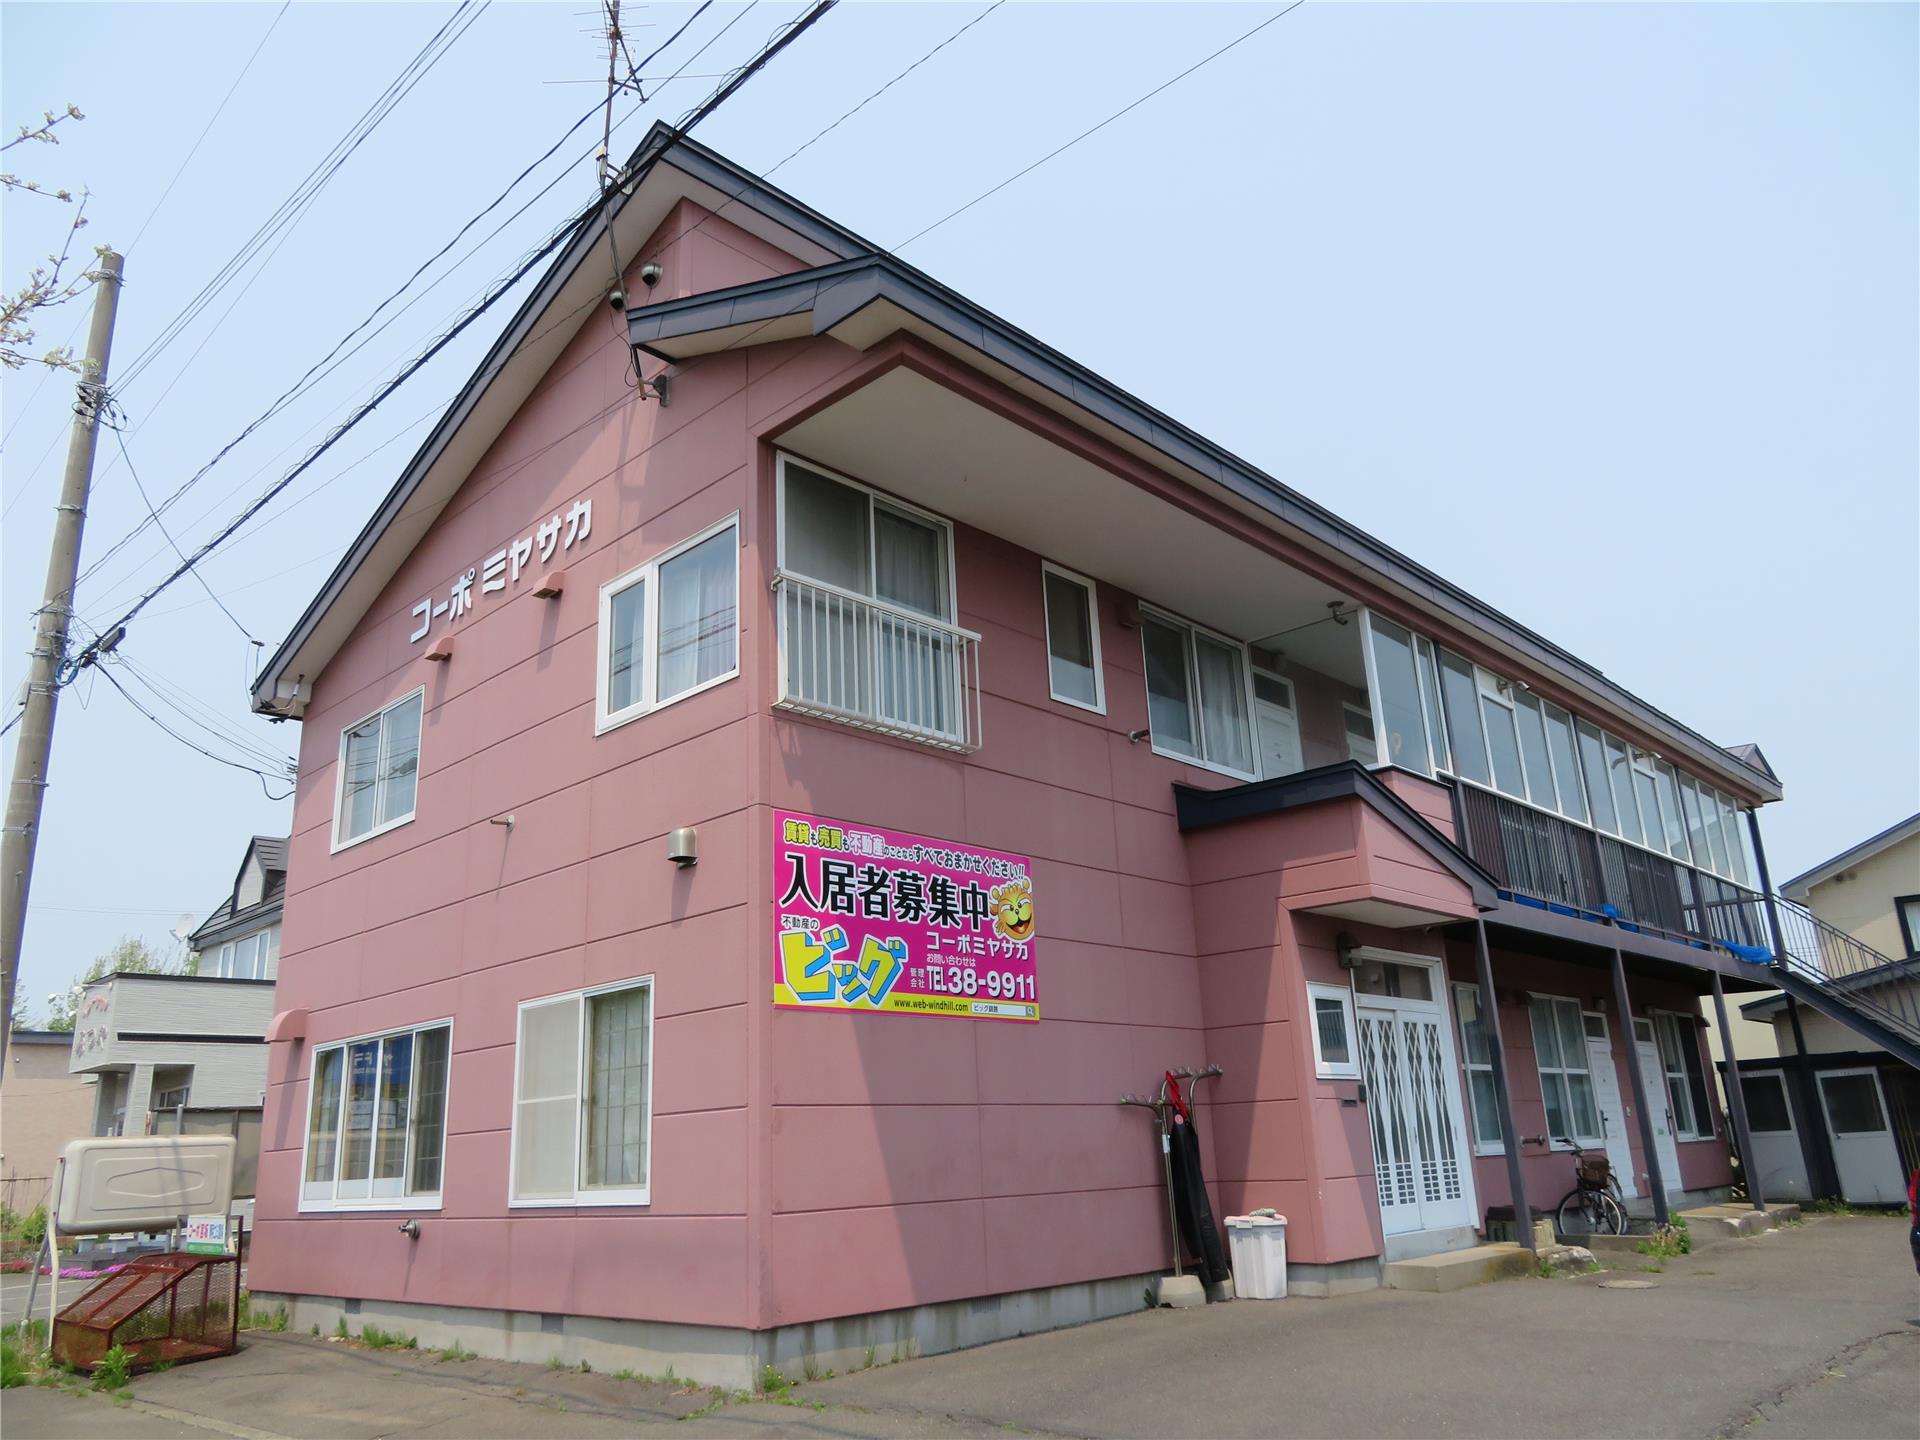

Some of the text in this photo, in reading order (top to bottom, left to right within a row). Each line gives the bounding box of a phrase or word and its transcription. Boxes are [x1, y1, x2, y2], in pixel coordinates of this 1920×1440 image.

[410, 498, 593, 643] コーポミヤサカ
[780, 853, 989, 931] 入居者募集中
[782, 915, 819, 930] 不動産の
[926, 931, 1029, 961] コーポミヤサカ
[782, 926, 908, 1005] ビッグ
[926, 953, 977, 967] お問い合わせは
[910, 967, 925, 978] 管理
[910, 978, 925, 988] 会社
[894, 999, 969, 1012] www.web-windhill.com
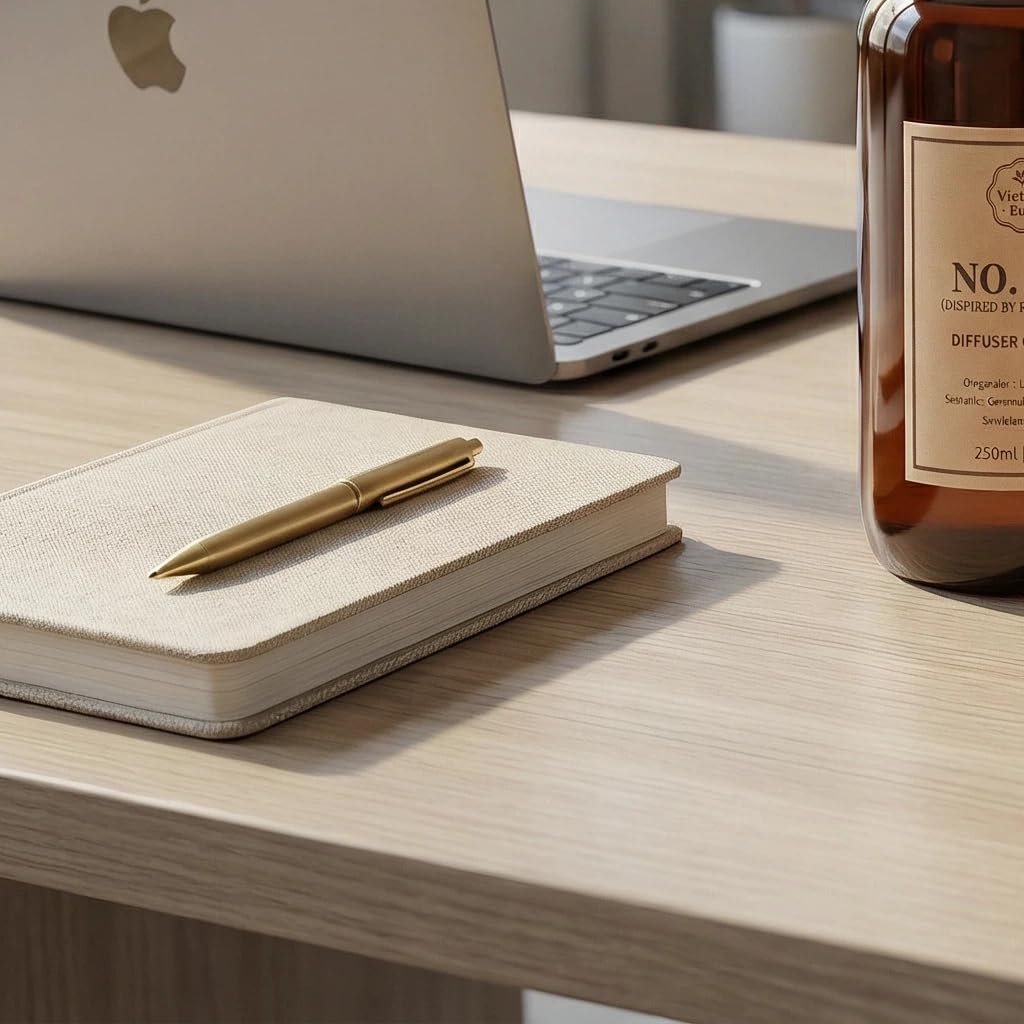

== EXERCISE DESCRIPTION ==
In the copy, include no pictures, but repeat the listing exactly.

== ANSWER BOX ==
Some of the text in this photo, in reading order (top to bottom, left to right within a row). Each line gives the bounding box of a phrase or word and its transcription. Boxes are [x1, y1, x2, y2], in pixel coordinates of this 1920×1440 image.

[410, 498, 593, 643] コーポミヤサカ
[780, 853, 989, 931] 入居者募集中
[782, 915, 819, 930] 不動産の
[926, 931, 1029, 961] コーポミヤサカ
[782, 926, 908, 1005] ビッグ
[926, 953, 977, 967] お問い合わせは
[910, 967, 925, 978] 管理
[910, 978, 925, 988] 会社
[894, 999, 969, 1012] www.web-windhill.com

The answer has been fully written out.